But we also have all of the leftover stimulus from the pandemic.
There's still a lot of cash out there.
And then you've got the Inflation Reduction Act and the CHIPS Act and there's- - Which is money, right, flowing in?
- It's money that's flowing in now.
And here the Carolinas were big recipients of those dollars, and they have a real long runway on the spend out on that.
And one of the kind of secrets that really hasn't been told is if you go and look at the GAO numbers, the take up on those programs has been about twice what was estimated.
So there's a whole lot more activity than was planned when the actual acts were passed.
- Ryan, I promise I'm gonna give you a chance here, but I wanna ask you one more question, Mark.
So is there, you know, as economist, of course, I think you can run the data in your own head, but does anyone really know, and I would say even the Fed, does the Fed have an idea of... And I'll call it the distortive effect of a historic amount of money that's pumped into a system that still has these an unintended effect on distorting what a recession may look like.
- I don't know that anyone has that answer.
I mean, I think that the Fed was certainly surprised at how inflationary all that cash turned out to be.
- Really?
Were they surprised?
- Well, they seem to be.
I mean the transitory, transitory, transitory till it wasn't transitory anymore.
But the, you know, I think we are seeing that we're moving past that burst of liquidity and that we're reverting back to a more normal trend.

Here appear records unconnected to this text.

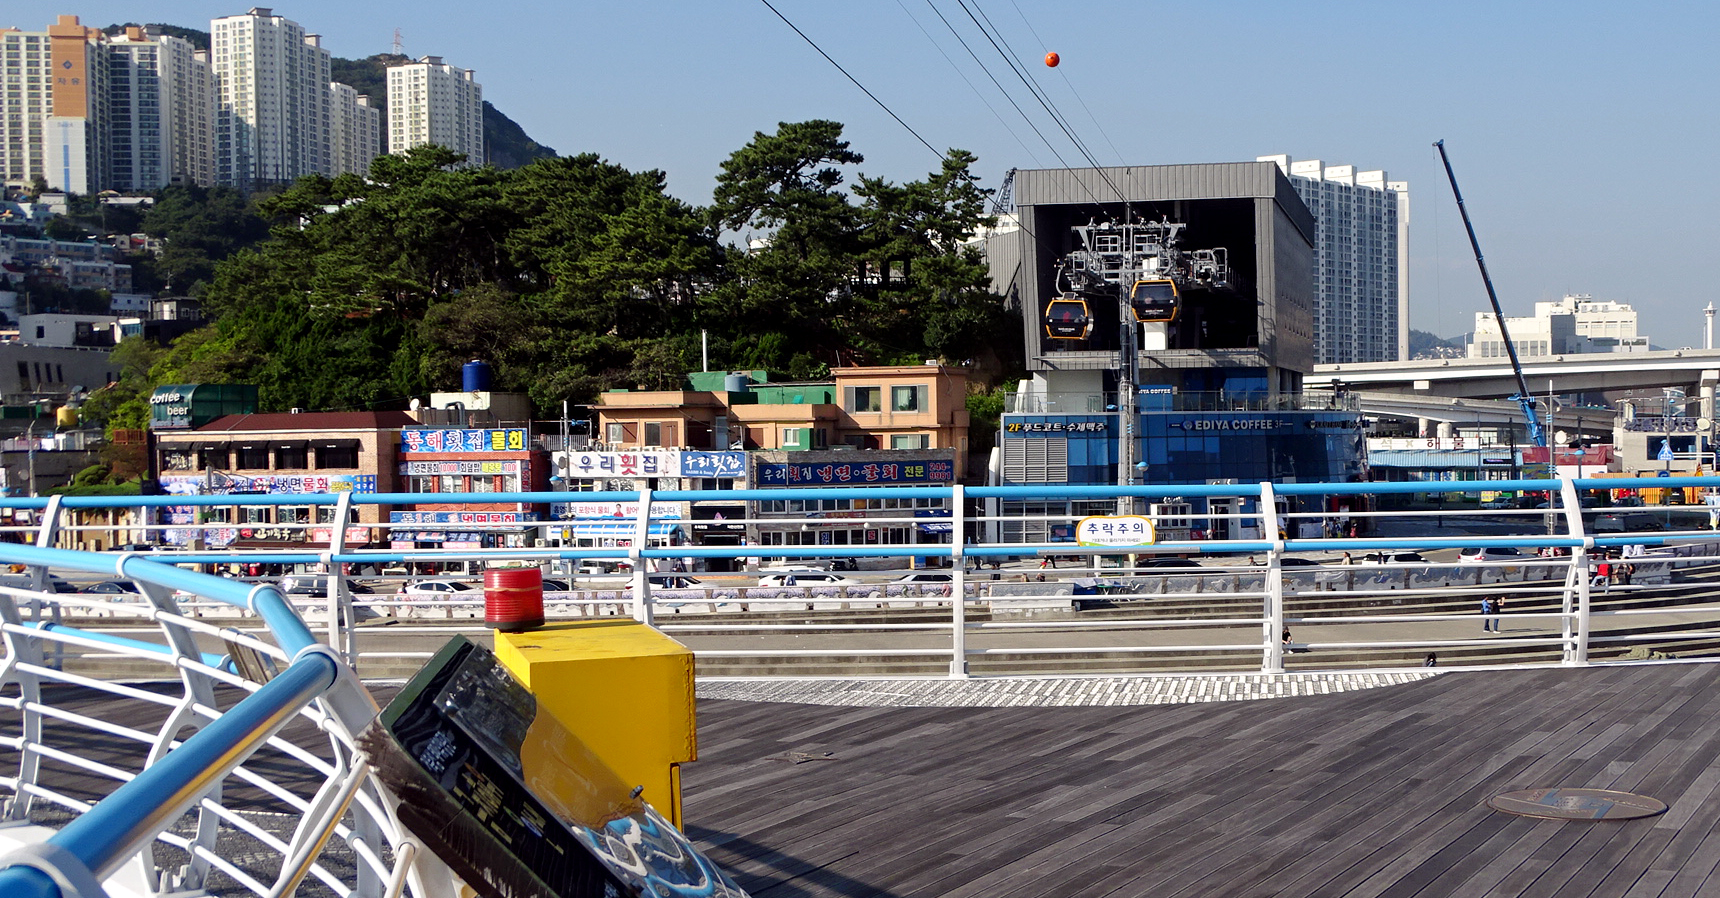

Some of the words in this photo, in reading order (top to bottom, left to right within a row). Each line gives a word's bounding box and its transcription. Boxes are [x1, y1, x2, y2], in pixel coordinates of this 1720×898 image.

[150, 392, 180, 404] coffee
[167, 406, 189, 416] beer
[1008, 423, 1022, 432] 2F
[1195, 420, 1230, 430] EDIYA
[1232, 419, 1273, 430] COFFEE
[406, 430, 485, 452] 동해횟집
[491, 430, 523, 451] 물회
[578, 454, 659, 475] 우리횟집
[764, 465, 813, 482] 우리횟집
[904, 465, 925, 478] 전문
[277, 477, 329, 492] 냉면물회
[1087, 523, 1145, 536] 추락주의

And as fewer as we have less and less of that hangover, I think the economy will begin to act a little more normal.
But in the next few weeks, we're going to see some pretty strong numbers.
The GDP growth for the quarter that ended at the end of September as likely to be around 3.5%, but all of the growth was at the start of the quarter and we ended on a fairly soft note.

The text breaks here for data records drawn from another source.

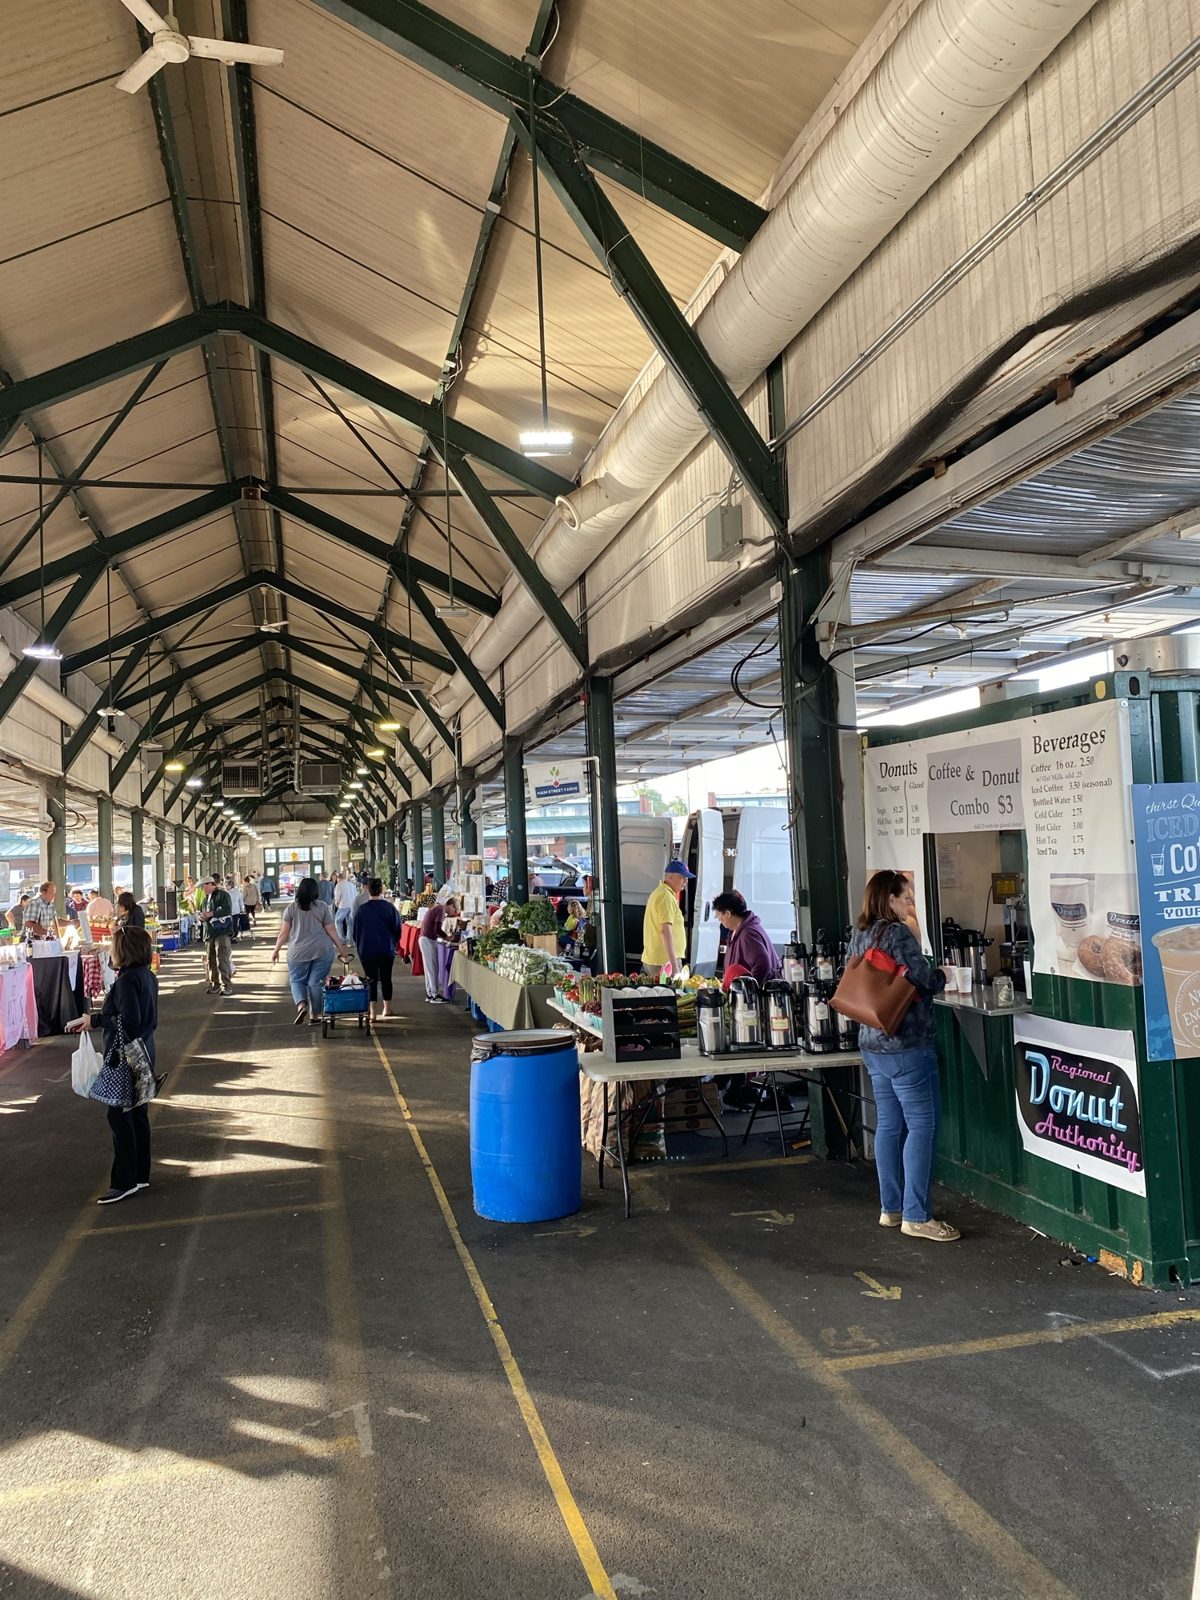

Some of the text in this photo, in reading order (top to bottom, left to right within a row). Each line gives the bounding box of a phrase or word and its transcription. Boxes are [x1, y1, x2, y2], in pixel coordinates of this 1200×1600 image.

[1032, 729, 1106, 754] Beverages
[879, 759, 918, 779] Donuts
[1030, 763, 1051, 773] Coffee
[1055, 760, 1064, 770] 16
[1080, 755, 1095, 767] 2.50
[928, 761, 1020, 787] Coffee & Donut
[1031, 785, 1043, 794] Iced
[1043, 783, 1065, 793] Coffee
[1081, 777, 1113, 789] (seasonal)
[950, 794, 1014, 816] Combo $3
[1053, 796, 1071, 804] Water
[1145, 798, 1180, 814] thirst
[1034, 810, 1047, 819] Cold
[1048, 810, 1063, 819] Cider
[1035, 823, 1046, 832] Hot
[1046, 822, 1061, 831] Cider
[1145, 813, 1199, 842] ICED
[1036, 836, 1046, 845] Hot
[1047, 836, 1057, 844] Tea
[1036, 847, 1085, 856] Iced Tea 2.75
[1170, 835, 1200, 875] Co
[1110, 912, 1139, 925] Donut
[1050, 1055, 1113, 1085] Regional
[1025, 1050, 1127, 1132] Donut
[1035, 1112, 1140, 1173] Authority

In the fourth quarter this year, I think growth gonna be 1% or less.
- Okay.
Ryan, let's give you a jump in here please if you can.
- Sure.
- In Columbia, does the fear of a recession, are you hearing this?
And number two, what kind of effect does that have on economic development to date?
- So I would say from the city of Columbia's perspective, you know, certainly we kind of hear that out there, but Columbia has really started to catch on fire over the past few years.
And so from the local perspective, what we see is a lot of headwinds and opportunity at the city.
We've got a significant amount of people moving into the region.
We've got double digit population growth in the Columbia area.
We've got record enrollment at the University of South Carolina, and we've got opportunities in that we have lagged behind some of our- - The upstate and the local country.
Sure.
- With regards to multifamily offerings, typically our property taxes have been a bit of an impediment to us.
But through working with the city of Columbia and Richland County, we found a way to circumvent that.
Certainly the rising interest rates have created a new wrinkle for us to have to address in that equation.
And we've seen some developers put their projects on pause, but we haven't outright had people just walk away yet.
And I think from our perspective, you know, it's gotten so expensive in places like Charleston to continue to do some of these projects.
What we're pitching to people is there's growth opportunities and there's a value proposition here.
You know, and with regards to the interest rates, once things get more favorable, there's a lot of opportunity here down the road with regards to our riverfront that we're gonna be developing and with Scout Motors coming into the area.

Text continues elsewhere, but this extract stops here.